La Filarmónica de Los Ángeles se prepara para una transición significativa en su dirección artística, marcando el fin de una era de casi veinte años bajo la batuta del aclamado Gustavo Dudamel. La institución ha anunciado el nombramiento de Daniel Harding, un director de orquesta británico de 50 años, como su nuevo director musical, quien comenzará su mandato en la temporada 2027-28. Este cambio no solo representa una nueva etapa para la orquesta, sino también un regreso para Harding, quien hizo su debut en Estados Unidos con esta misma agrupación en 1997.
Harding, conocido por su trabajo con orquestas de renombre en Europa, ha sido una figura destacada en el mundo de la música clásica. Su contrato con la Filarmónica de Los Ángeles es de seis años y comenzará a tomar forma con una primera temporada que incluirá ocho semanas de dirección, que se ampliarán a doce en las temporadas siguientes. Este nuevo rol coincide con su actual compromiso como director musical de la Orquesta de la Academia Nacional de Santa Cecilia en Italia, donde se encuentra en su segunda temporada de un contrato a cinco años.
En una conversación reciente, Harding expresó su entusiasmo por el nuevo desafío que se le presenta. "No podría haber llegado ni un día antes. Me alegra que no haya llegado un día después", comentó, reflejando su convicción de que este es el momento adecuado para asumir el liderazgo de la Filarmónica. Su enfoque no solo se centra en la ejecución musical, sino también en la educación y el desarrollo de jóvenes talentos, un aspecto que ha sido destacado por Kim Noltemy, presidenta y directora ejecutiva de la Filarmónica desde 2024. Noltemy, quien estableció el acuerdo con Harding durante una cena en Roma, subrayó que el director combina habilidades excepcionales como músico y educador.
La trayectoria de Harding es singular, no solo por su carrera musical, sino también por su pasión por la aviación. Desde 2014, ha estado interesado en volar y se unió a Air France en 2021, operando aviones Airbus A320 en Europa y el norte de África. Esta dualidad en su vida profesional ha sido, según él, una fuente de enriquecimiento, brindándole una perspectiva única que refleja su enfoque metódico y su deseo de mantener un equilibrio entre la música y la aviación. "Es absolutamente lógico que, en algún momento de mis primeros dos años en mi puesto en Los Ángeles, también empiece a venir a Los Ángeles con mi otro uniforme", declaró, aludiendo a su carrera como piloto.

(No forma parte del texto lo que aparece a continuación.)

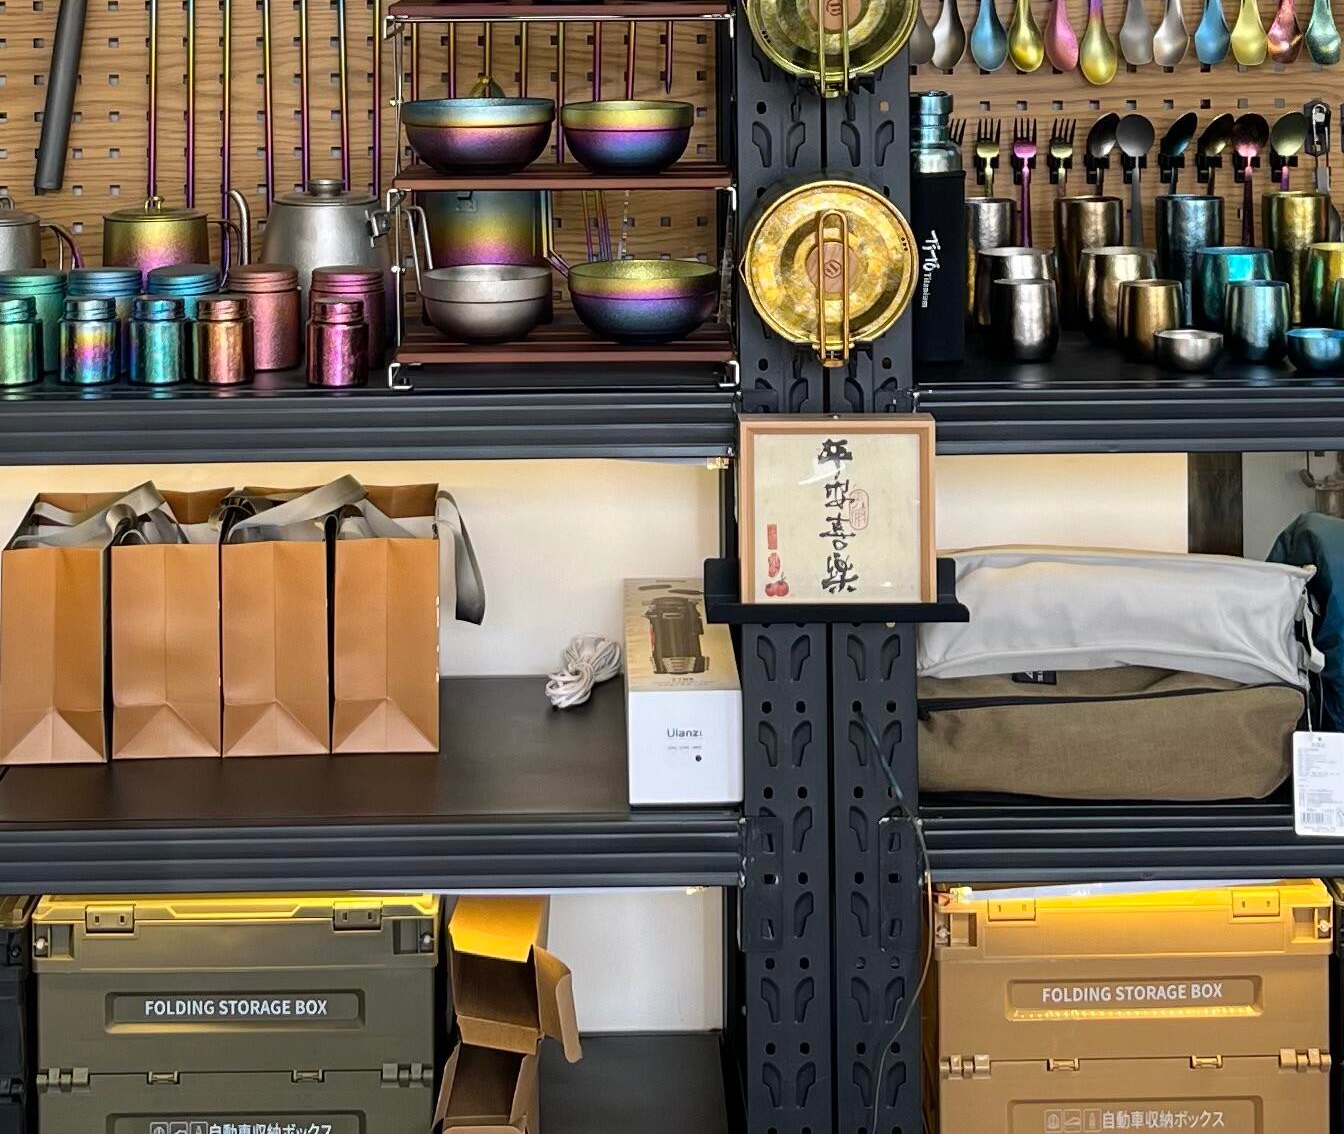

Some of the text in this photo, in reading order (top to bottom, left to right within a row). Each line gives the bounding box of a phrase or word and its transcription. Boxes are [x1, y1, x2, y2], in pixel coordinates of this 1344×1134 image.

[666, 727, 704, 738] Ulanzi
[1042, 983, 1223, 1003] FOLDING STORAGE BOX
[145, 999, 328, 1016] FOLDING STORAGE BOX
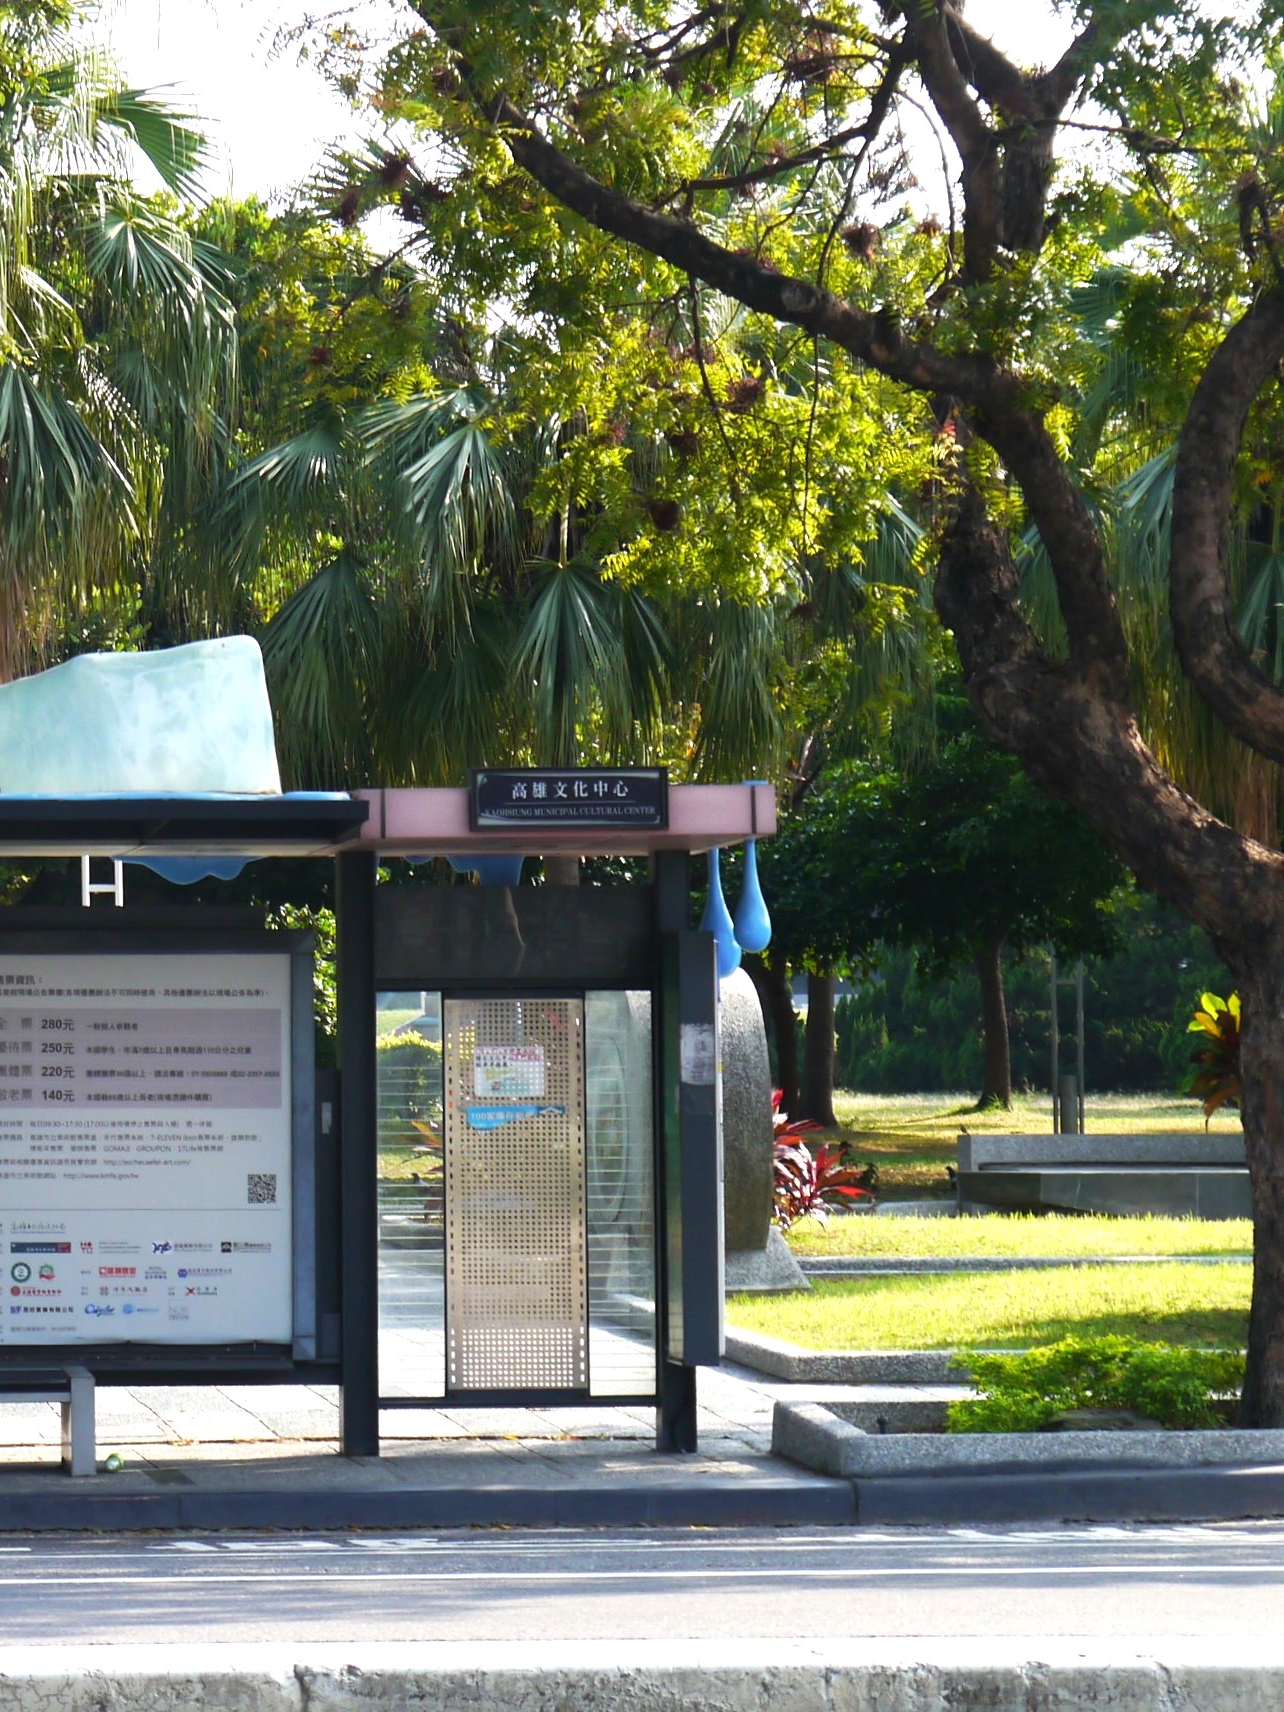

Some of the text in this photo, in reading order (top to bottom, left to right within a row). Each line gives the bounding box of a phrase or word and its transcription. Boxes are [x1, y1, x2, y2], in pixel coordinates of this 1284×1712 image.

[512, 780, 629, 800] 高雄文化中心
[484, 806, 656, 818] KAOHSIUNG MUNICIPAL CULTURAL CENTER
[41, 1018, 75, 1031] 280元
[41, 1042, 75, 1055] 250元
[41, 1066, 75, 1079] 220元
[41, 1090, 75, 1103] 140元
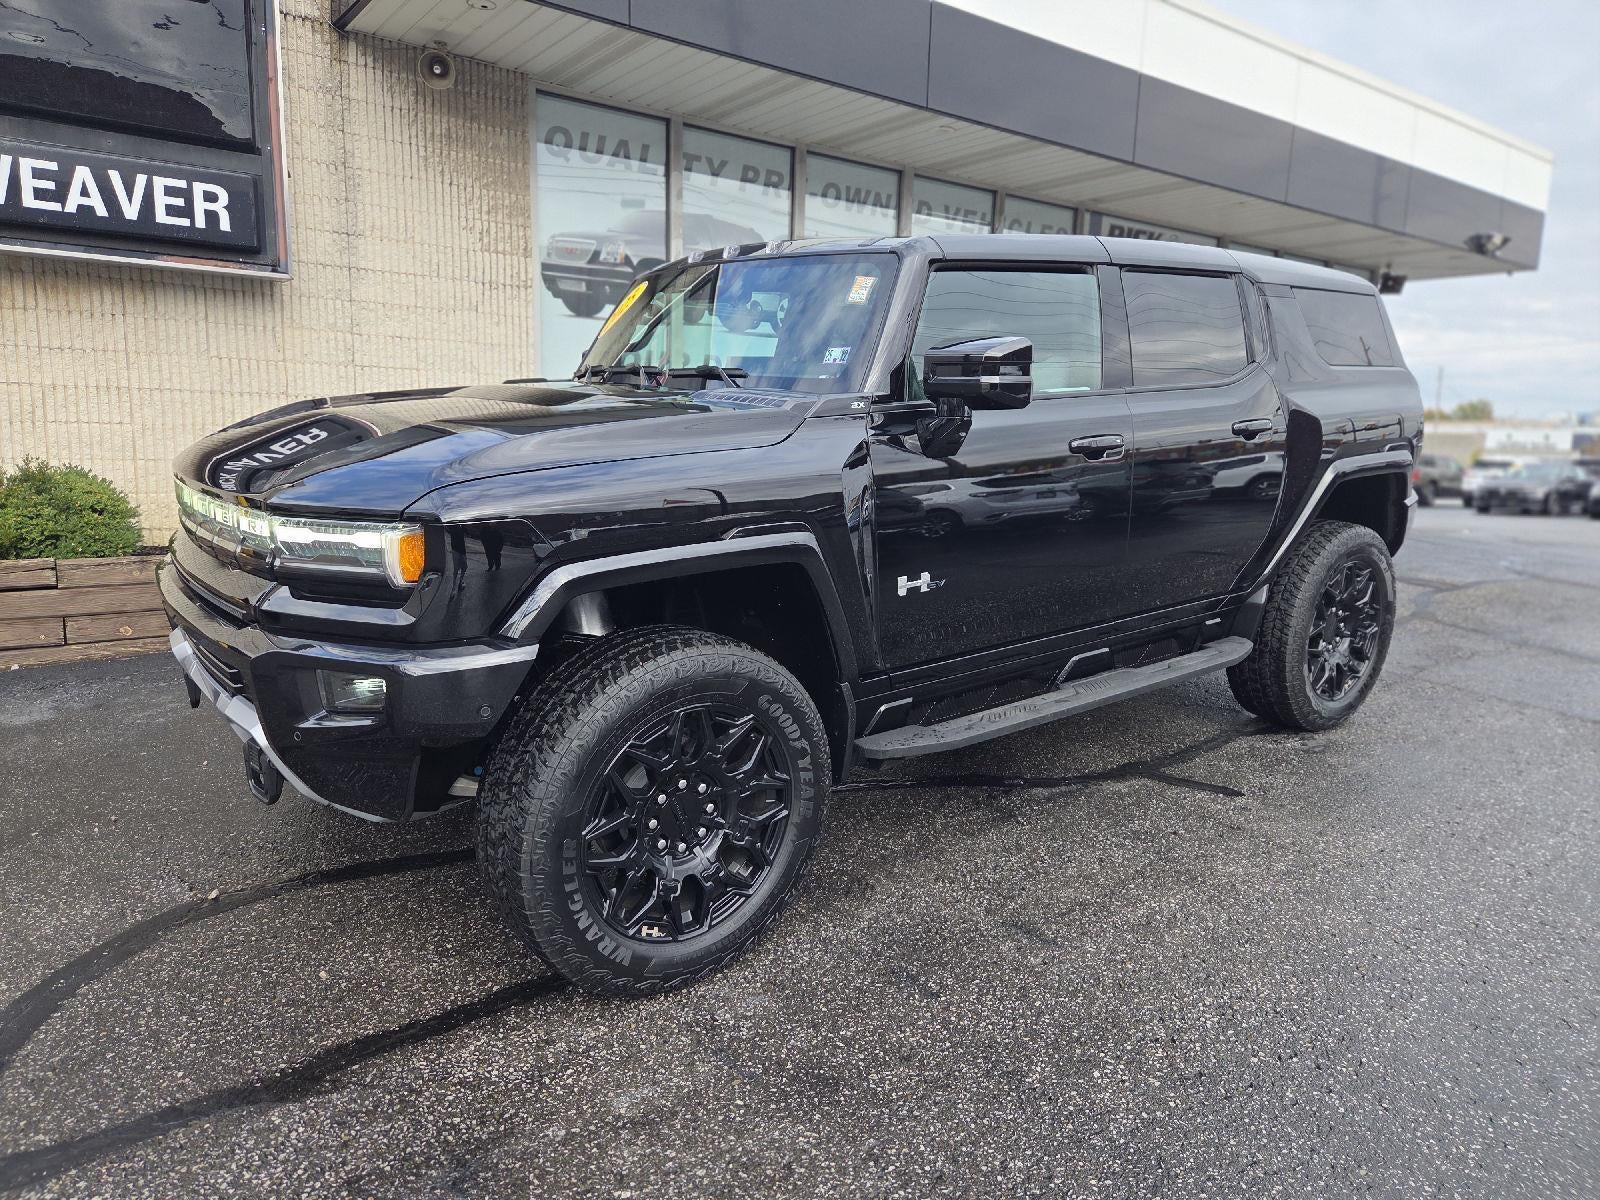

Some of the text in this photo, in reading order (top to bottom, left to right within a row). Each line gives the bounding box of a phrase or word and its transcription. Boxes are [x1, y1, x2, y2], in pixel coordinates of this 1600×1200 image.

[544, 125, 729, 187] QUALTY
[739, 163, 933, 224] PR-OWND
[562, 838, 633, 967] WRANGLER
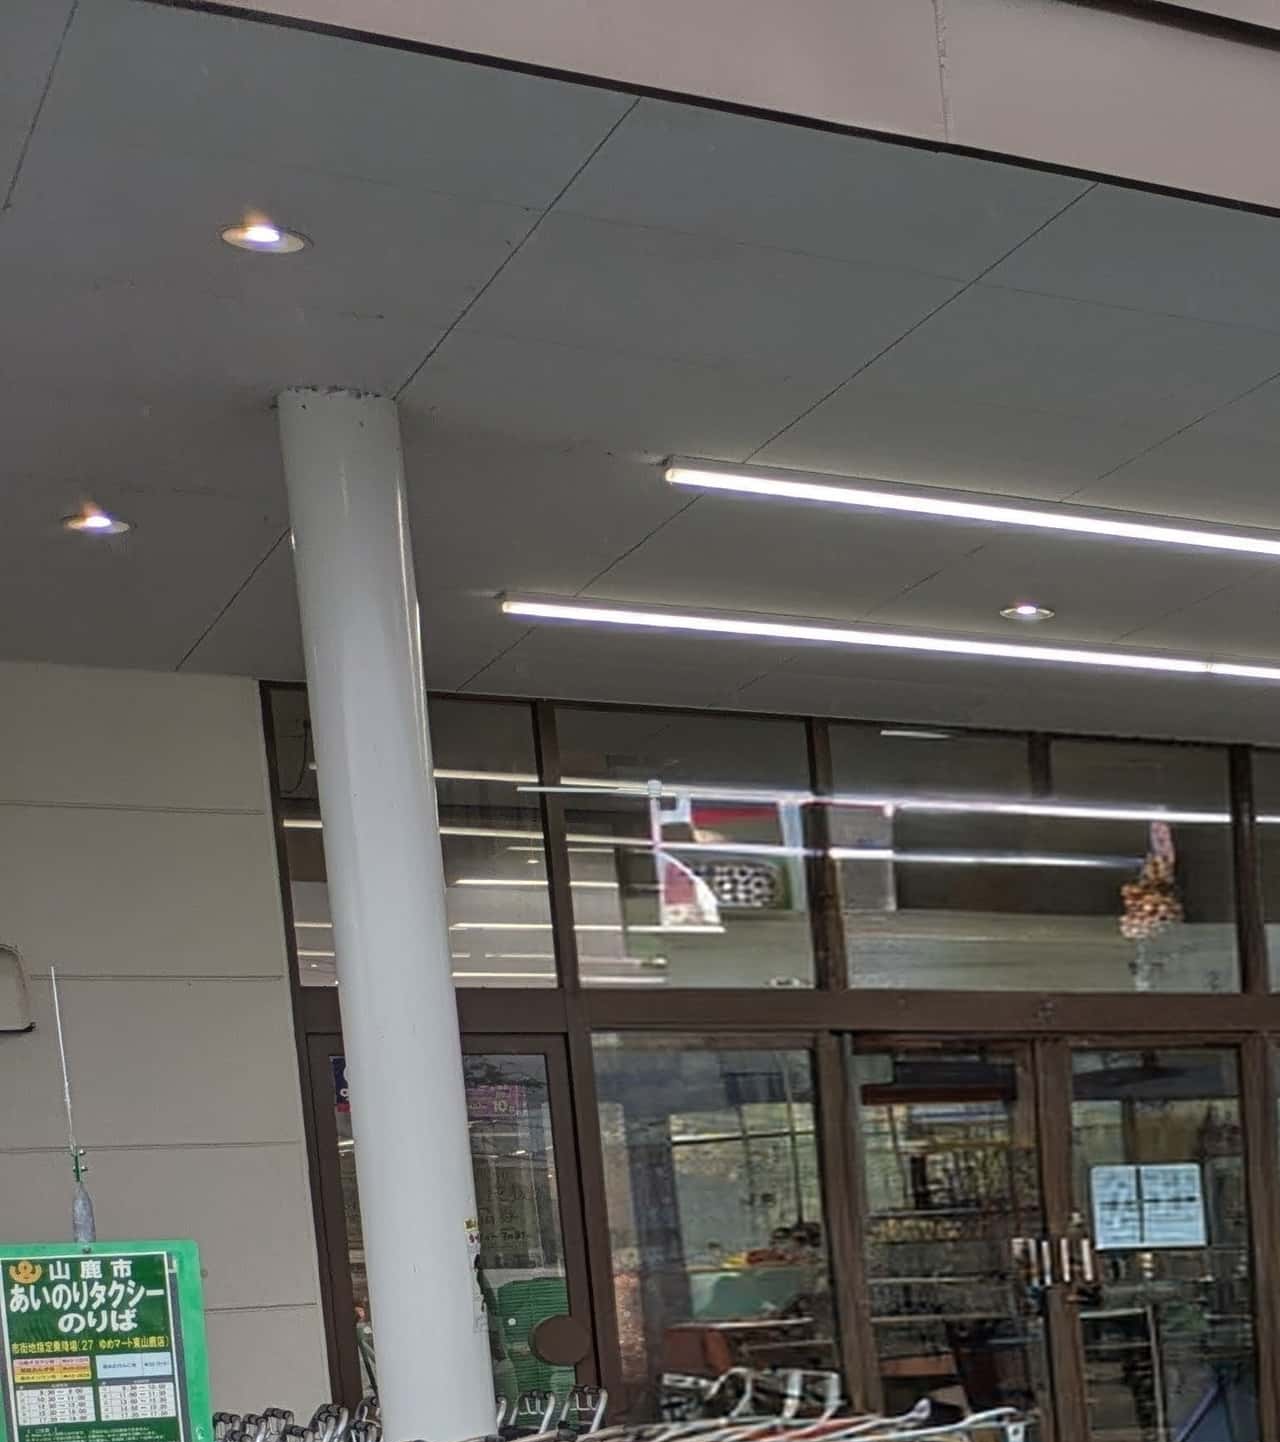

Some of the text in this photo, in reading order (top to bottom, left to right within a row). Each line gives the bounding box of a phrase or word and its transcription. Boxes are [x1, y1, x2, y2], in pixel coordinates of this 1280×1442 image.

[9, 1280, 164, 1313] あいのりタクシー
[57, 1308, 138, 1333] のりば

El reconocido director Simon Rattle, quien fue uno de sus mentores, ha descrito a Harding como una persona inquieta que busca constantemente nuevos desafíos. Esta búsqueda de diversificación ha sido una característica de su carrera, y su segundo trabajo le aporta una perspectiva fascinante del mundo que lo rodea, como lo mencionó Deborah Borda, exdirectora de la Filarmónica de Los Ángeles. "Habló sobre la gran cantidad de aspectos técnicos que tuvo que dominar en la aviación, lo cual le proporcionó un placer diferente al de la música", agregó.
Harding no es un extraño para el público estadounidense, ya que ha trabajado con algunas de las orquestas más importantes del país, incluyendo la Filarmónica de Nueva York, la Orquesta Sinfónica de Chicago y la Orquesta Sinfónica de Boston. Sin embargo, su estilo de dirección ha suscitado opiniones diversas, incluso algunas críticas por su forma de abordar la música, lo que se ha reflejado en su relación con ciertas orquestas. A medida que se aproxima este nuevo capítulo en la Filarmónica de Los Ángeles, el mundo de la música clásica estará observando de cerca cómo Harding fusiona su vasta experiencia y su pasión por la música con los desafíos que trae consigo este nuevo cargo.